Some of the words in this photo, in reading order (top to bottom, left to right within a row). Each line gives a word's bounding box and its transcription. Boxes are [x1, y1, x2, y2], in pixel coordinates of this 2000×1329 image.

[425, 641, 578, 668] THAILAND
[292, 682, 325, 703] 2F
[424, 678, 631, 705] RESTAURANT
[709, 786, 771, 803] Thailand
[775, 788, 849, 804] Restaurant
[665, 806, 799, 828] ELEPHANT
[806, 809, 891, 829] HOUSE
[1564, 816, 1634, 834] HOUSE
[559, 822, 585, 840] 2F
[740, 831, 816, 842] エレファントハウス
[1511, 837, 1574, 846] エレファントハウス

Your objective: Copy every line of the listing, exact to the last character.

Written response:
Some of the words in this photo, in reading order (top to bottom, left to right within a row). Each line gives a word's bounding box and its transcription. Boxes are [x1, y1, x2, y2], in pixel coordinates of this 2000×1329 image.

[425, 641, 578, 668] THAILAND
[292, 682, 325, 703] 2F
[424, 678, 631, 705] RESTAURANT
[709, 786, 771, 803] Thailand
[775, 788, 849, 804] Restaurant
[665, 806, 799, 828] ELEPHANT
[806, 809, 891, 829] HOUSE
[1564, 816, 1634, 834] HOUSE
[559, 822, 585, 840] 2F
[740, 831, 816, 842] エレファントハウス
[1511, 837, 1574, 846] エレファントハウス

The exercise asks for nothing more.